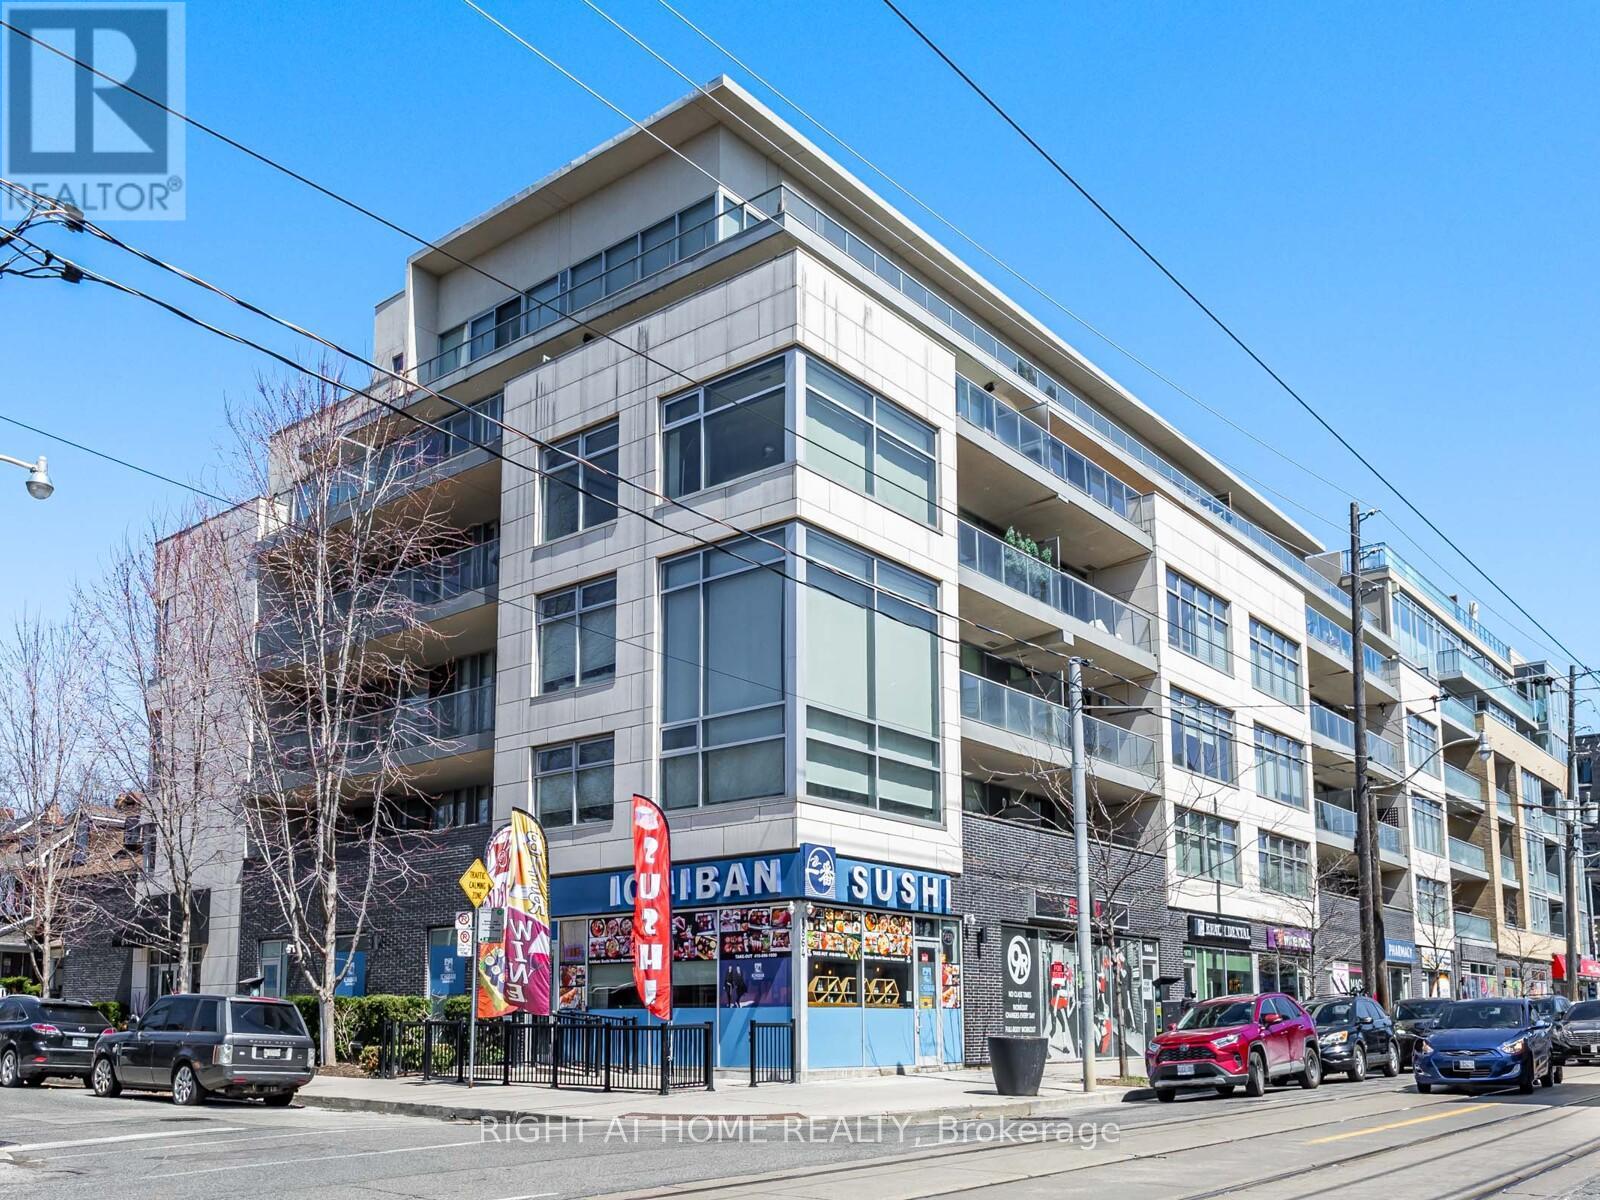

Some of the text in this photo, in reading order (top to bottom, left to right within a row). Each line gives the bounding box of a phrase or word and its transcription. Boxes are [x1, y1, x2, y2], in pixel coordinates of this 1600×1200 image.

[470, 872, 486, 880] TRAFFIC
[468, 882, 486, 890] CALMING
[609, 859, 782, 907] ICIBAN
[852, 866, 951, 909] SUSHI
[472, 892, 482, 900] ZONE
[1388, 943, 1413, 958] PHARMACY

..............................

## Task requirements
Without copying any images, transcribe the records exactly as they stand.

## Exercise response
Some of the text in this photo, in reading order (top to bottom, left to right within a row). Each line gives the bounding box of a phrase or word and its transcription. Boxes are [x1, y1, x2, y2], in pixel coordinates of this 1600×1200 image.

[470, 872, 486, 880] TRAFFIC
[468, 882, 486, 890] CALMING
[609, 859, 782, 907] ICIBAN
[852, 866, 951, 909] SUSHI
[472, 892, 482, 900] ZONE
[1388, 943, 1413, 958] PHARMACY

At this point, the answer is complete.